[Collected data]
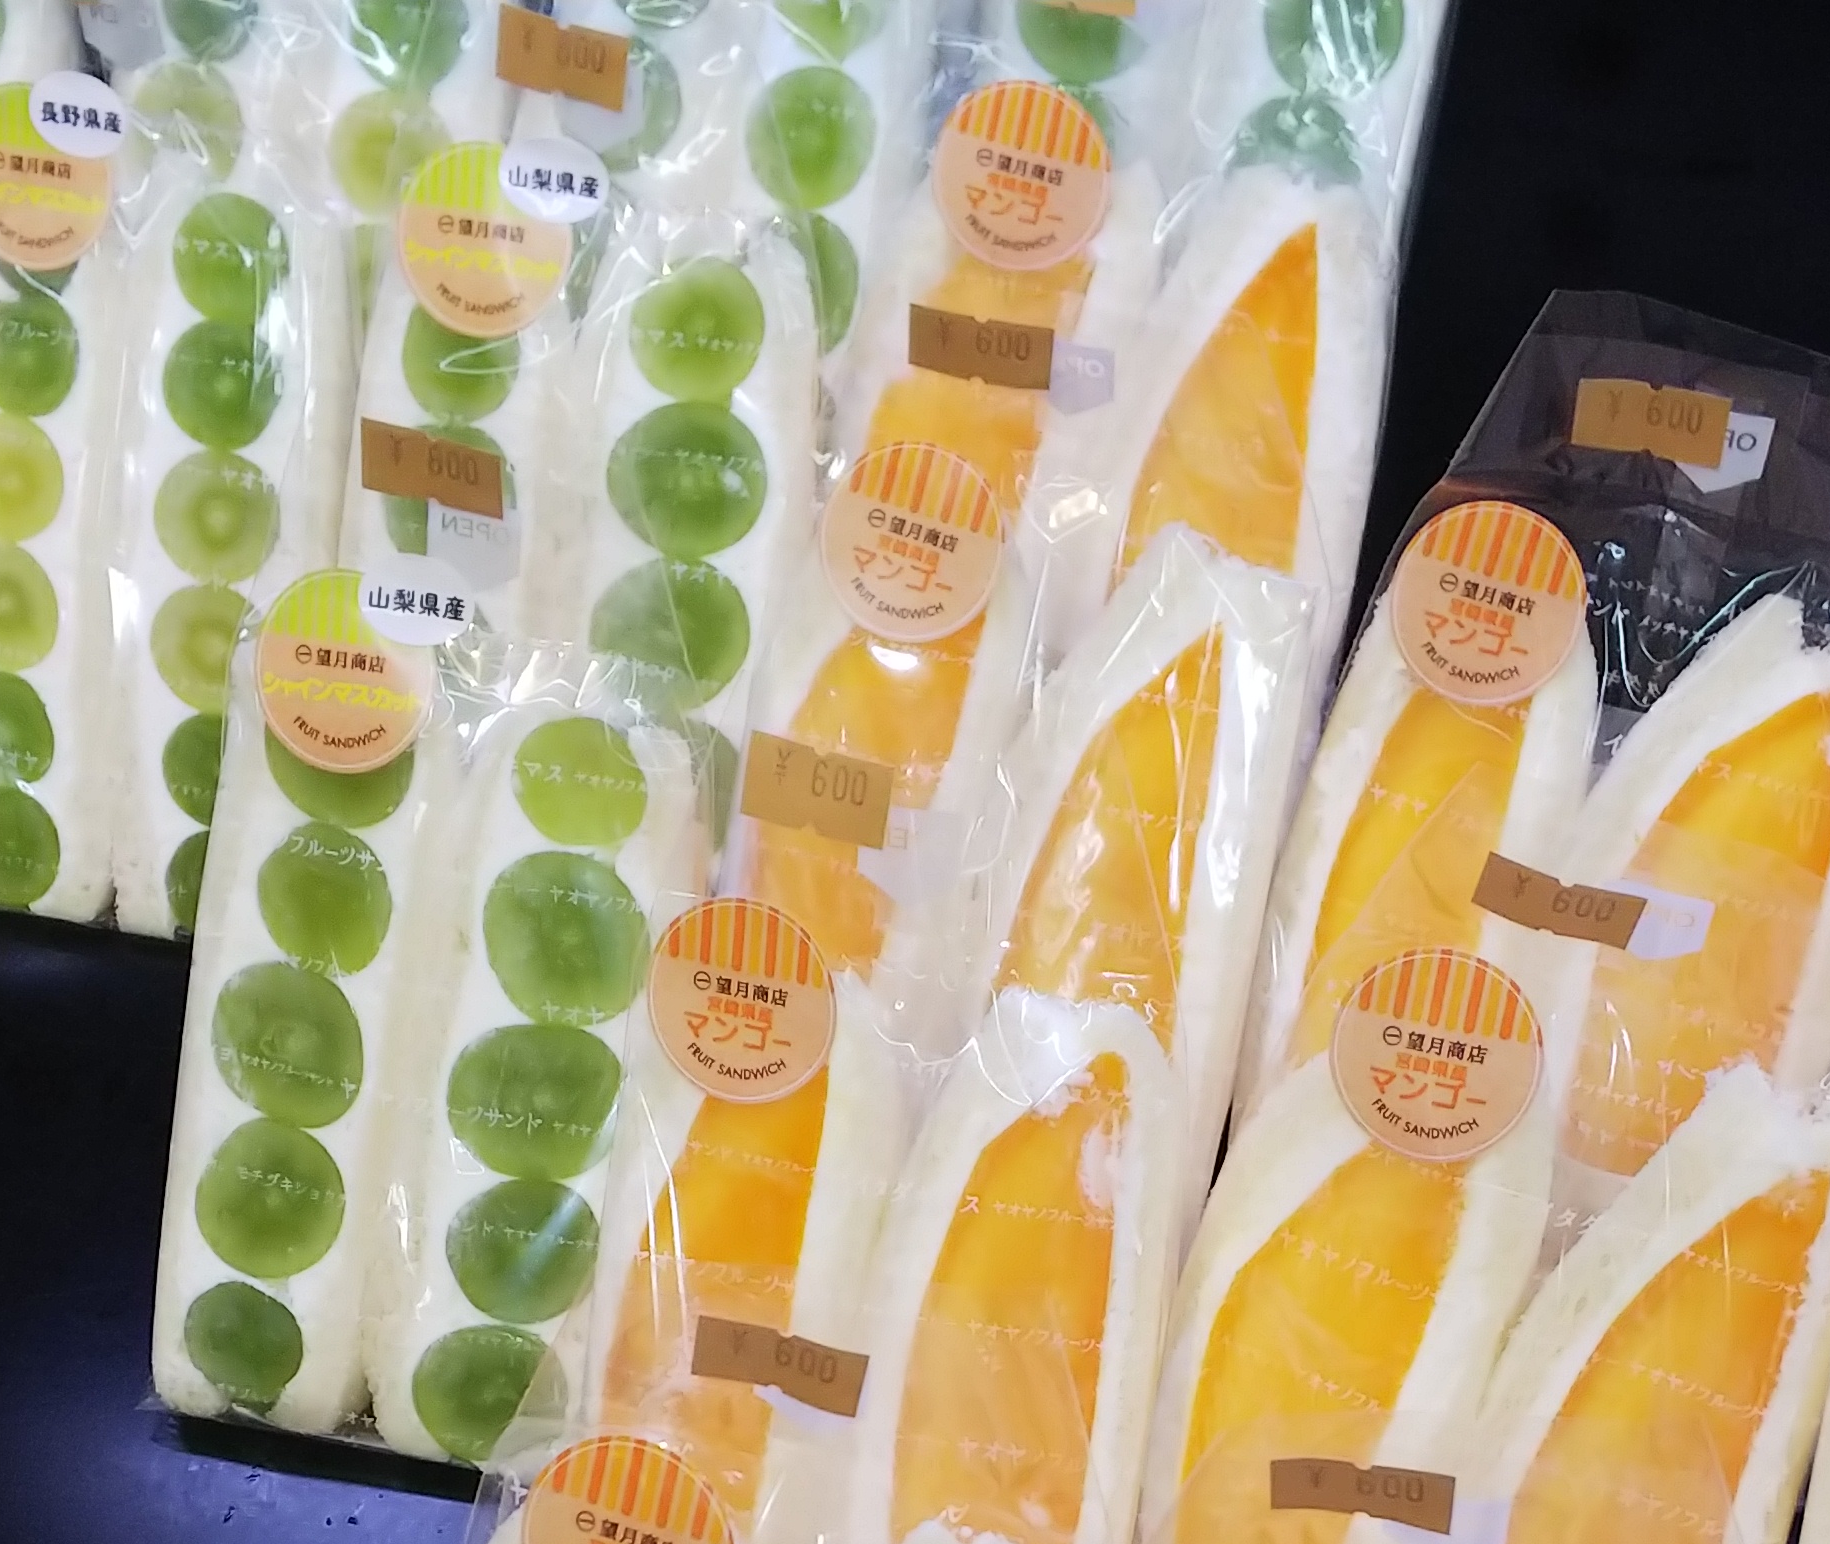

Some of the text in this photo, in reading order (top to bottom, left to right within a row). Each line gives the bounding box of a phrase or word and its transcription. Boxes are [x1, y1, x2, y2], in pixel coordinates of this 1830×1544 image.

[41, 100, 122, 134] 長野県産
[507, 165, 600, 200] 山梨県産
[964, 183, 1064, 226] マンゴー
[975, 326, 1032, 363] 600
[1646, 400, 1706, 437] 600
[427, 443, 480, 487] 600
[889, 515, 960, 554] 望月商店
[853, 544, 954, 594] マンゴー
[367, 585, 466, 622] 山梨県産
[850, 576, 945, 621] FRUIT SANDWICH
[1463, 580, 1536, 618] 望月商店
[1424, 611, 1529, 659] マンゴー
[315, 647, 386, 674] 望月商店
[1421, 641, 1520, 684] FRUIT SANDWICH
[262, 671, 417, 713] シャインマスカット
[293, 714, 387, 748] FRUIT SANDWICH
[773, 747, 868, 807] ¥ 600
[1515, 871, 1617, 924] ¥ 600
[715, 975, 789, 1009] 望月商店
[684, 1010, 792, 1052] マンゴー
[1406, 1031, 1489, 1066] 望月商店
[687, 1042, 787, 1081] FRUIT SANDWICH
[1369, 1064, 1487, 1110] マンゴー
[1370, 1097, 1480, 1140] FRUIT SANDWICH
[775, 1342, 839, 1384] 600

[TASK DESCRIPTION]:
Word for word, restate all of the entries above and leave each picture out.

[SOLUTION FOR THIS EXERCISE]:
Some of the text in this photo, in reading order (top to bottom, left to right within a row). Each line gives the bounding box of a phrase or word and its transcription. Boxes are [x1, y1, x2, y2], in pixel coordinates of this 1830×1544 image.

[41, 100, 122, 134] 長野県産
[507, 165, 600, 200] 山梨県産
[964, 183, 1064, 226] マンゴー
[975, 326, 1032, 363] 600
[1646, 400, 1706, 437] 600
[427, 443, 480, 487] 600
[889, 515, 960, 554] 望月商店
[853, 544, 954, 594] マンゴー
[367, 585, 466, 622] 山梨県産
[850, 576, 945, 621] FRUIT SANDWICH
[1463, 580, 1536, 618] 望月商店
[1424, 611, 1529, 659] マンゴー
[315, 647, 386, 674] 望月商店
[1421, 641, 1520, 684] FRUIT SANDWICH
[262, 671, 417, 713] シャインマスカット
[293, 714, 387, 748] FRUIT SANDWICH
[773, 747, 868, 807] ¥ 600
[1515, 871, 1617, 924] ¥ 600
[715, 975, 789, 1009] 望月商店
[684, 1010, 792, 1052] マンゴー
[1406, 1031, 1489, 1066] 望月商店
[687, 1042, 787, 1081] FRUIT SANDWICH
[1369, 1064, 1487, 1110] マンゴー
[1370, 1097, 1480, 1140] FRUIT SANDWICH
[775, 1342, 839, 1384] 600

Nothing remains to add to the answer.